* [TASK STATEMENT]: An exact reproduction of the records is required. Images must be left out.
--- AVAILABLE DATA Enclosed Below ---
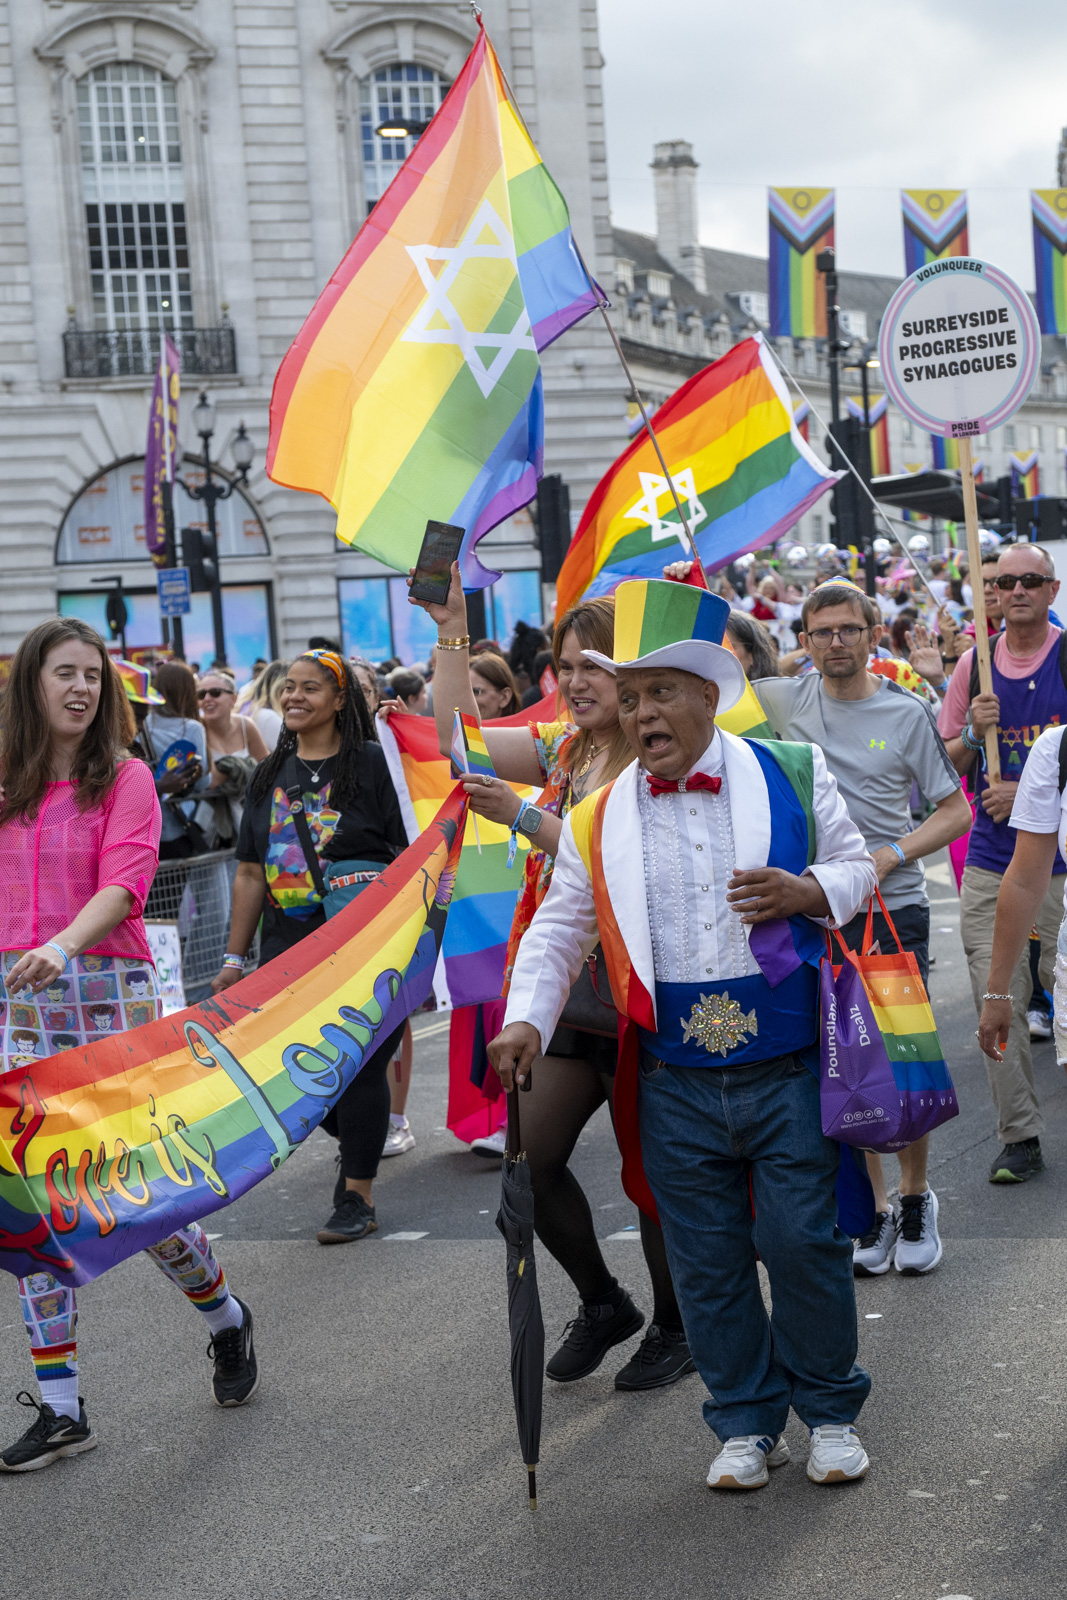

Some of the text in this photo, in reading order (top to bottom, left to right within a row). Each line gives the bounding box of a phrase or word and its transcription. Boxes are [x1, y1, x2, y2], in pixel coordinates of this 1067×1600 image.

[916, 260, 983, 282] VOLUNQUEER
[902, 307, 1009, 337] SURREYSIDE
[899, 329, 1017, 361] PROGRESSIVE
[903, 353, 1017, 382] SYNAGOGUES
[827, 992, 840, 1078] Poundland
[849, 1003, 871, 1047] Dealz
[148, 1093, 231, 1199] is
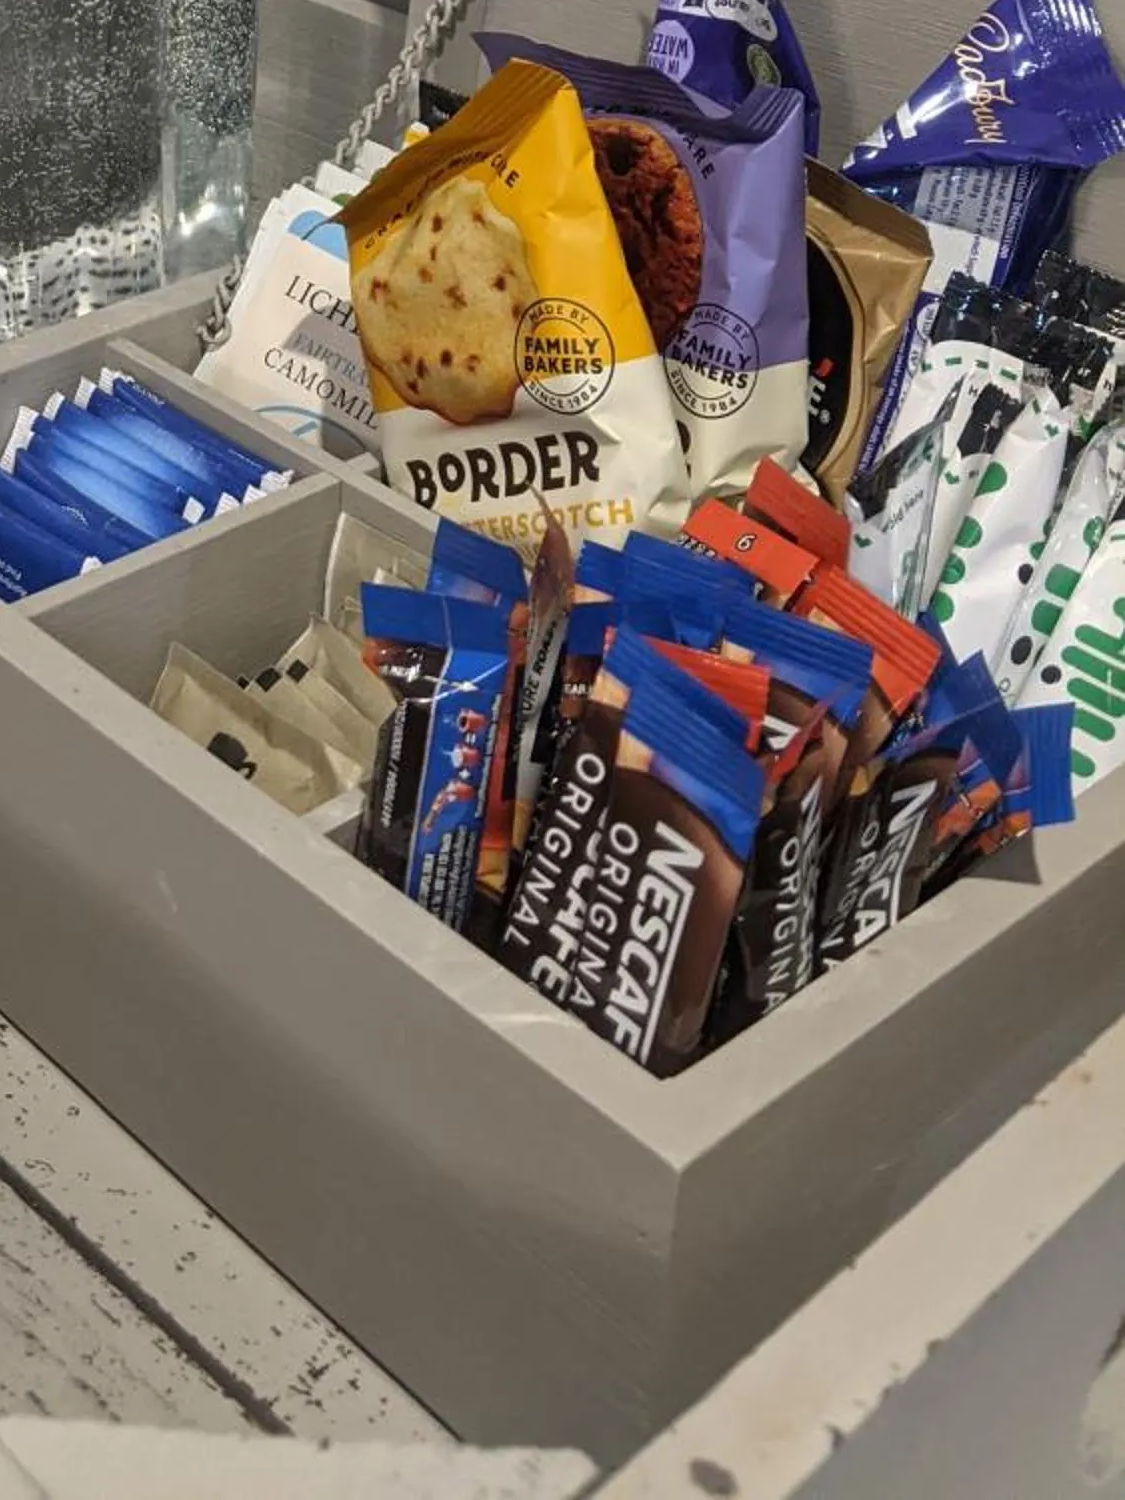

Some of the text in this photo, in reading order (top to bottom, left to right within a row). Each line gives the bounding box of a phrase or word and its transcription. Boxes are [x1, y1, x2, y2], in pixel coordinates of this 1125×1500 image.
--- End of Enclosed AVAILABLE DATA ---
* [RESPONSE BOX]:
Some of the text in this photo, in reading order (top to bottom, left to right within a row). Each line gives the bounding box of a phrase or word and its transcription. Boxes are [x1, y1, x2, y2], in pixel coordinates of this 1067×1600 image.

[916, 260, 983, 282] VOLUNQUEER
[902, 307, 1009, 337] SURREYSIDE
[899, 329, 1017, 361] PROGRESSIVE
[903, 353, 1017, 382] SYNAGOGUES
[827, 992, 840, 1078] Poundland
[849, 1003, 871, 1047] Dealz
[148, 1093, 231, 1199] is

Some of the text in this photo, in reading order (top to bottom, left to right within a row). Each line gives the bounding box of a phrase or word and its transcription. Boxes are [x1, y1, x2, y2], in pixel coordinates of this 1125×1500 image.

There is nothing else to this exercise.